Still waiting on some parts but I made a little progress.

My diff section arrived.
Image may have been reduced in size. Click image to view fullscreen.


Figured I would give it a coat of paint.
Image may have been reduced in size. Click image to view fullscreen.


Also painted the trans case.
Image may have been reduced in size. Click image to view fullscreen.


I painted a diff cover and trans pan that I will install after I am done dragging the trans all over the floor while trying to get it installed.

Got some high flow banjo bolts and fittings for the oil cooler.
Image may have been reduced in size. Click image to view fullscreen.


Started to clean up some parts to start putting all of the new parts in.

Decided to start with the forward drum and clutch assembly.
I decided to go with the Audi unit because, as I mentioned before, I know how many miles are on it and it appears to be in better shape.

Upon further inspection it appears that this is the clutch pack that has one extra friction compared to the Vanagon assembly.

Everyone kept saying that there was an extra friction somewhere but no one ever seemed to point it out.
Now we know or at least we know that my particular trans came with 5 instead of 4.
I also noticed that the top ring in this drum is different than the van part.
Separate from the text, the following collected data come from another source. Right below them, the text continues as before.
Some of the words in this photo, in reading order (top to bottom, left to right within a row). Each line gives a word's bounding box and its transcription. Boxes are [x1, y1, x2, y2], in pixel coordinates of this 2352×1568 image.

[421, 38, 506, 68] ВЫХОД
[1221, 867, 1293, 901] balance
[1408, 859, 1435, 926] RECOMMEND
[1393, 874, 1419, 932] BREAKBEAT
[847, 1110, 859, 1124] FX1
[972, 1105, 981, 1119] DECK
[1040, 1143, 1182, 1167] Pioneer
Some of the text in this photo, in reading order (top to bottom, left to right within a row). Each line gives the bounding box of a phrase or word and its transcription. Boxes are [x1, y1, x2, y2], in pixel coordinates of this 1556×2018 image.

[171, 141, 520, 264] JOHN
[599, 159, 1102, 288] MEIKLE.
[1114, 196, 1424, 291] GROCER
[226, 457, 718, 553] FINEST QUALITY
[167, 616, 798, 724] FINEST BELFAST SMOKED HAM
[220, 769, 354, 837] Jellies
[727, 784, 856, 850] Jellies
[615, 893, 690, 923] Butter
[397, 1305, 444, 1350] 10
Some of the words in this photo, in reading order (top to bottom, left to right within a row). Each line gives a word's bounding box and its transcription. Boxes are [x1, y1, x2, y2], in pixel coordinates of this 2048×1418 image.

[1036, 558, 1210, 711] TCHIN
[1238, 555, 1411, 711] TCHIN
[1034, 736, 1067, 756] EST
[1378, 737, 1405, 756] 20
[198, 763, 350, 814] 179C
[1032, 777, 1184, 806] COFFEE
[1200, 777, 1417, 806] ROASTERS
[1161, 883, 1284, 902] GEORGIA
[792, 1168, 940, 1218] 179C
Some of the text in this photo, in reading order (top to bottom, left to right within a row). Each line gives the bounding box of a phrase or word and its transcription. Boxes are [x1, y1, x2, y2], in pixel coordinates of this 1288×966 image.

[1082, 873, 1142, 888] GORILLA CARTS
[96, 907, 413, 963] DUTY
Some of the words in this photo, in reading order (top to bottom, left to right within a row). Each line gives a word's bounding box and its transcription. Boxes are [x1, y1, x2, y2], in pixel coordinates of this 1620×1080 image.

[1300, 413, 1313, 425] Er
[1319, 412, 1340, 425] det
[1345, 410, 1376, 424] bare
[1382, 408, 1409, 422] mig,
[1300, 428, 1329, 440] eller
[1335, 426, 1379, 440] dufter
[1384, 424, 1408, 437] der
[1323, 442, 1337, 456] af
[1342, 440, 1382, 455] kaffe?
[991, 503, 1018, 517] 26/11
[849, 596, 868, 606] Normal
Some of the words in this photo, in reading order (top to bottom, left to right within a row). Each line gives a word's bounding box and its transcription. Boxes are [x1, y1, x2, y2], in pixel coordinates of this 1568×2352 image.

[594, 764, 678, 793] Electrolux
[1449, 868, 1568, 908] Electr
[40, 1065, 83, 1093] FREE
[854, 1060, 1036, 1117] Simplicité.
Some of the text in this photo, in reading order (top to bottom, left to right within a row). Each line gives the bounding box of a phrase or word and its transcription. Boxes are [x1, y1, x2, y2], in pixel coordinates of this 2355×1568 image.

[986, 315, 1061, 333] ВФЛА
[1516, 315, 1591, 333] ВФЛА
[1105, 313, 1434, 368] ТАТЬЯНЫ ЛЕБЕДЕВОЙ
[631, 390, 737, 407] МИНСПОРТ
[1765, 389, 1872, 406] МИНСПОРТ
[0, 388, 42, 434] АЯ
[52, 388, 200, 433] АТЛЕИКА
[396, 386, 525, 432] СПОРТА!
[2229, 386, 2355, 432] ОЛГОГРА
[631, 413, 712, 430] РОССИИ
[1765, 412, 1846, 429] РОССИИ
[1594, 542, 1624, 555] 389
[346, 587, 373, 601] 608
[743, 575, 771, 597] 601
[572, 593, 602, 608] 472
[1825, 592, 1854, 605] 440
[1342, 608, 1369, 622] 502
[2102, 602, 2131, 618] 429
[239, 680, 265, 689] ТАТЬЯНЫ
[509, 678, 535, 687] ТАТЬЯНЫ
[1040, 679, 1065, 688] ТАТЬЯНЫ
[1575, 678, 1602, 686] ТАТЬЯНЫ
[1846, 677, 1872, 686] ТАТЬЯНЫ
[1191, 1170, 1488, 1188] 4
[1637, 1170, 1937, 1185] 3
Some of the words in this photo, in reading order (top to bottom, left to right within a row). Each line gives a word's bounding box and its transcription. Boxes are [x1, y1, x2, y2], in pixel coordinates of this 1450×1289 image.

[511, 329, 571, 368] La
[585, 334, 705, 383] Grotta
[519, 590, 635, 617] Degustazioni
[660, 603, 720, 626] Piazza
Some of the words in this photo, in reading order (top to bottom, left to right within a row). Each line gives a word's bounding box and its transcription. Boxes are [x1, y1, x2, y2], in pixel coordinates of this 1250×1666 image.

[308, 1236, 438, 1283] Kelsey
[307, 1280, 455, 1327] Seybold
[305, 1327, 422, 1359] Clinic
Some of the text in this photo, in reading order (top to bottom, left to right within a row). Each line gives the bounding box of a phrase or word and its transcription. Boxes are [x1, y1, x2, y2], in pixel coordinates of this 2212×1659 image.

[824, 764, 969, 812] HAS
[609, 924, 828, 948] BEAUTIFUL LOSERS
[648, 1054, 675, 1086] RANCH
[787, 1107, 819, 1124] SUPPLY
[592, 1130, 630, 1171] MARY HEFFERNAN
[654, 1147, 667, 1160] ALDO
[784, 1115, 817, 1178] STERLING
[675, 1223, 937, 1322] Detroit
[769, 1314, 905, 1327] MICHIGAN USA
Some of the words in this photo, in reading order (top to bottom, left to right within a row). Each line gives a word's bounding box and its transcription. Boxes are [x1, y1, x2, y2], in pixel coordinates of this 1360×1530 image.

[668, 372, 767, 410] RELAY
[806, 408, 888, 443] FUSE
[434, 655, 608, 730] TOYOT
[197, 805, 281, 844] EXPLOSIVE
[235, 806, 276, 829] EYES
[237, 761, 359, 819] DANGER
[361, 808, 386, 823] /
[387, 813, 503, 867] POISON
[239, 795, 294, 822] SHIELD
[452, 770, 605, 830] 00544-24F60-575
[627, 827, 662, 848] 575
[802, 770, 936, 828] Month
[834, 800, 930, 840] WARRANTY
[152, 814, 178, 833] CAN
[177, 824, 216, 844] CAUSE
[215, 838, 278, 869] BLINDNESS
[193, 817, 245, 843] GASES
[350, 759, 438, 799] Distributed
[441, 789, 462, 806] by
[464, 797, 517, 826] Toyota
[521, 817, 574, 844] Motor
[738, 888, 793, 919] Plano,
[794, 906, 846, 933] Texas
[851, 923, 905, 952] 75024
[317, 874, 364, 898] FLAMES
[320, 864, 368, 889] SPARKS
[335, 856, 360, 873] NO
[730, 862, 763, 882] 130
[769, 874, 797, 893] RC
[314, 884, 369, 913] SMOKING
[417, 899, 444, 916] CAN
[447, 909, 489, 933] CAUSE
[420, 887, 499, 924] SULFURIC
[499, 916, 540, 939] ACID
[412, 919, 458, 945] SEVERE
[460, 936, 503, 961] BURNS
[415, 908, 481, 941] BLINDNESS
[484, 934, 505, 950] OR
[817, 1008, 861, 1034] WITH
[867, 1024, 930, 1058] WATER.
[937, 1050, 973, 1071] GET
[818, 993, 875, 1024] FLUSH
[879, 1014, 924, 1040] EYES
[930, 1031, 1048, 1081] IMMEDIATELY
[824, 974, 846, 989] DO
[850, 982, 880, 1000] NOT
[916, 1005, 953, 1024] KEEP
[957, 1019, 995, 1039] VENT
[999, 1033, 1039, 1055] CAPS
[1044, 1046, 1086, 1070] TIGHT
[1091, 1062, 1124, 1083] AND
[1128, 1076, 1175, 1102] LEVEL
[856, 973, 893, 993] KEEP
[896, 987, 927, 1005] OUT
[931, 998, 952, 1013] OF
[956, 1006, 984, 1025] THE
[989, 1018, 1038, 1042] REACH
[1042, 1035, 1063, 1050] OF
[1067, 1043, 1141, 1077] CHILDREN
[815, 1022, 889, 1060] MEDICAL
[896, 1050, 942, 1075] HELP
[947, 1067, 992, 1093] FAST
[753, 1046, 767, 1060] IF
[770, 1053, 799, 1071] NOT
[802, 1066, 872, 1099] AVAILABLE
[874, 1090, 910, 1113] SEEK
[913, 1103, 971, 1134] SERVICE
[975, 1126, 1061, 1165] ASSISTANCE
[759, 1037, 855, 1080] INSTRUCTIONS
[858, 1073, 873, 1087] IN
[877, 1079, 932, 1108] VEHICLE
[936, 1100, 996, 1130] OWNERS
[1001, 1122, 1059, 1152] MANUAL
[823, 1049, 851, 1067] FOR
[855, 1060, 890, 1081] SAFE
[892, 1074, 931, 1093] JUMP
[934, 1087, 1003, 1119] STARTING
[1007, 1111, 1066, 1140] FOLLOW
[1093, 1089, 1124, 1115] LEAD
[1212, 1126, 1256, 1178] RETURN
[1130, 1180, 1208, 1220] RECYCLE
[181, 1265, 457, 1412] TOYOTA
Audi on the left van on the right.
Image may have been reduced in size. Click image to view fullscreen.


You can also see the 2 grooves in the drum in that pic that do not exist on the van drum.
h00drat also pointed out these grooves and wondered if they are supposed to be there.
Once again, now we know.

So back to the clutch packs.

the Bently for the van shows 4 frictions in both the forward and direct drum but all the other exploded views that I have seen show 5 frictions in both the forward and direct drum.
To make things even more confusing I have 2 sets of new frictions for the forward drum and both have 5 frictions in them.

Weird.

Either way, externally the forward drum appears to have the same dimensions between the Audi and the van so I am going to assemble the Audi unit with the extra friction and hope that it works.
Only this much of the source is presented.